──────── Input for this task

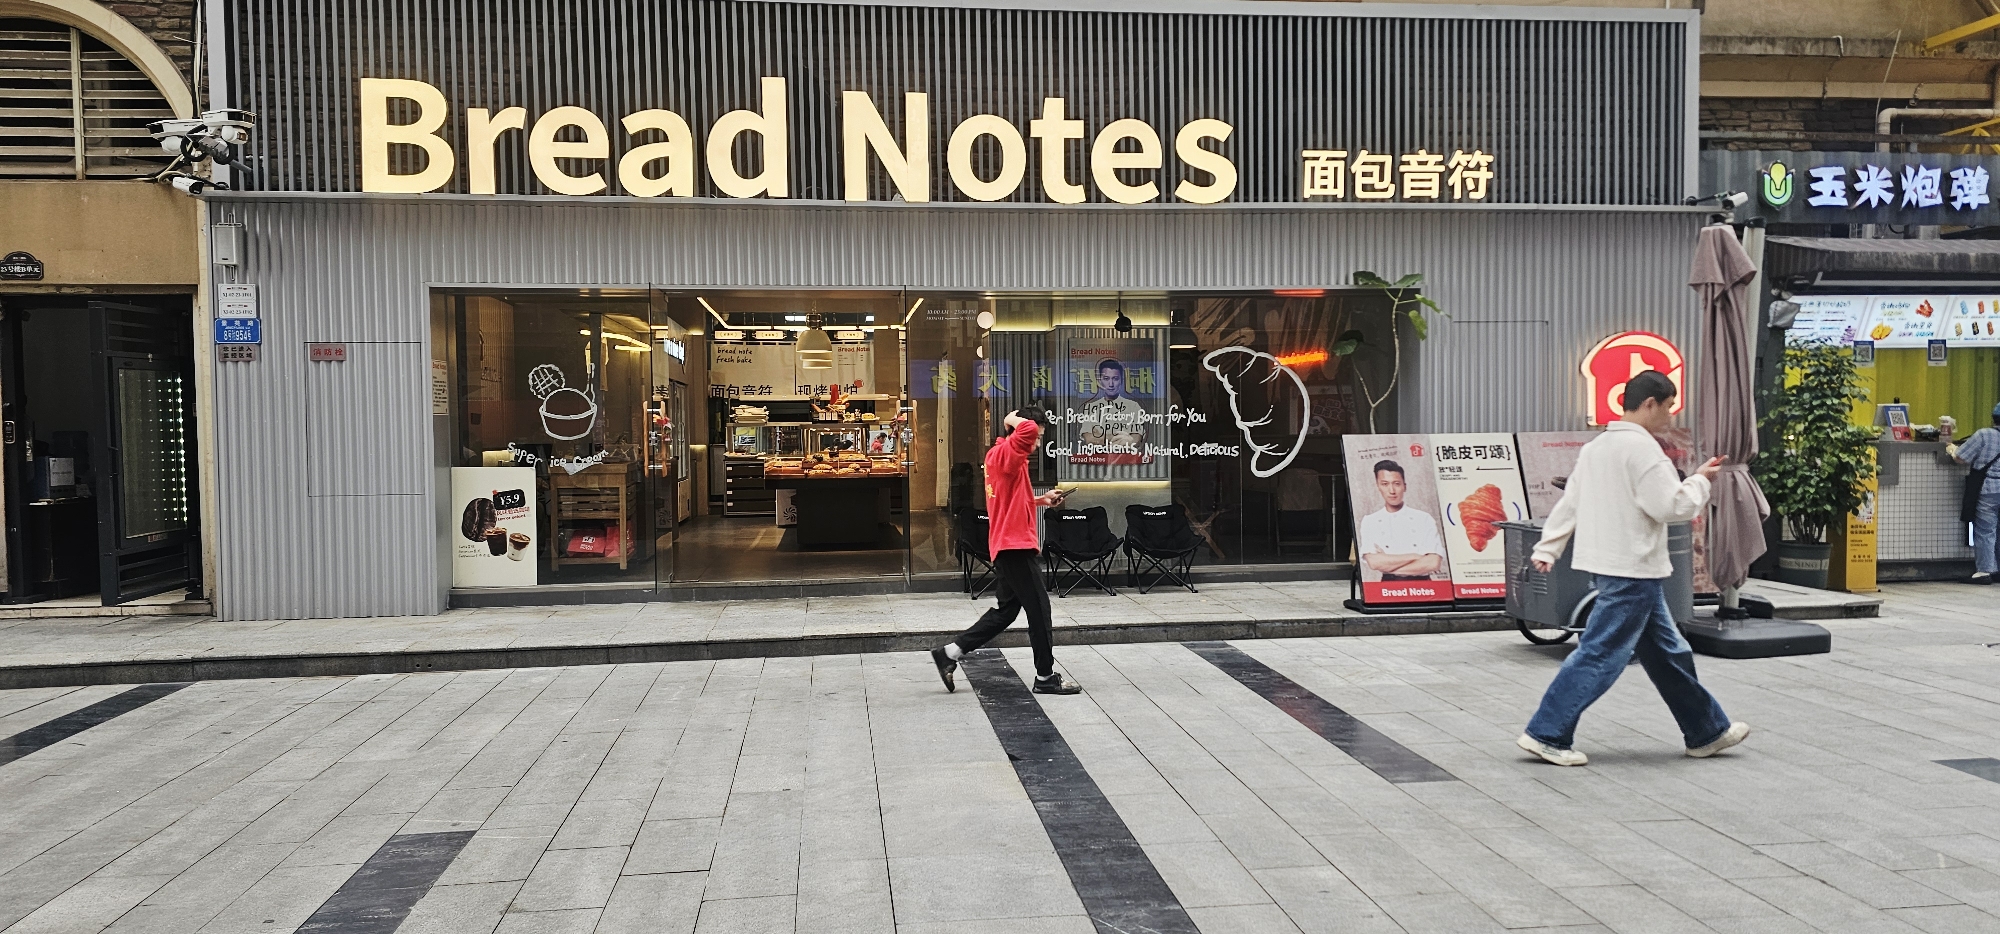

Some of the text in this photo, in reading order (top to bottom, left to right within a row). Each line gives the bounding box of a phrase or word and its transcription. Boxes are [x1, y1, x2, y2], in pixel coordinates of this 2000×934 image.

[360, 76, 1238, 204] Bread Notes
[1302, 149, 1495, 201] 面包音符
[1807, 163, 1990, 212] 玉米炮弹
[314, 348, 343, 356] 消防栓
[717, 347, 736, 355] bread
[1071, 347, 1117, 356] Bread Notes
[716, 356, 735, 364] fresh
[711, 384, 773, 398] 面包音符
[1066, 407, 1098, 425] Bread
[1100, 404, 1135, 427] Factory
[1138, 409, 1164, 426] Born
[1165, 404, 1187, 427] for
[1187, 408, 1207, 426] You
[507, 442, 609, 469] Super ice Cream
[1046, 440, 1240, 459] Good Ingredients, Natural, Delicious
[1435, 444, 1511, 462] {脆皮可颂}
[499, 493, 520, 506] ¥5.9
[1382, 587, 1435, 597] Bread Notes
[1461, 587, 1480, 595] Bread
[1481, 587, 1500, 595] Notes

────────────────

[Exercise brief]:
Can you repeat every record above exactly, apart from the pictures?

[Output of the exercise]:
Some of the text in this photo, in reading order (top to bottom, left to right within a row). Each line gives the bounding box of a phrase or word and its transcription. Boxes are [x1, y1, x2, y2], in pixel coordinates of this 2000×934 image.

[360, 76, 1238, 204] Bread Notes
[1302, 149, 1495, 201] 面包音符
[1807, 163, 1990, 212] 玉米炮弹
[314, 348, 343, 356] 消防栓
[717, 347, 736, 355] bread
[1071, 347, 1117, 356] Bread Notes
[716, 356, 735, 364] fresh
[711, 384, 773, 398] 面包音符
[1066, 407, 1098, 425] Bread
[1100, 404, 1135, 427] Factory
[1138, 409, 1164, 426] Born
[1165, 404, 1187, 427] for
[1187, 408, 1207, 426] You
[507, 442, 609, 469] Super ice Cream
[1046, 440, 1240, 459] Good Ingredients, Natural, Delicious
[1435, 444, 1511, 462] {脆皮可颂}
[499, 493, 520, 506] ¥5.9
[1382, 587, 1435, 597] Bread Notes
[1461, 587, 1480, 595] Bread
[1481, 587, 1500, 595] Notes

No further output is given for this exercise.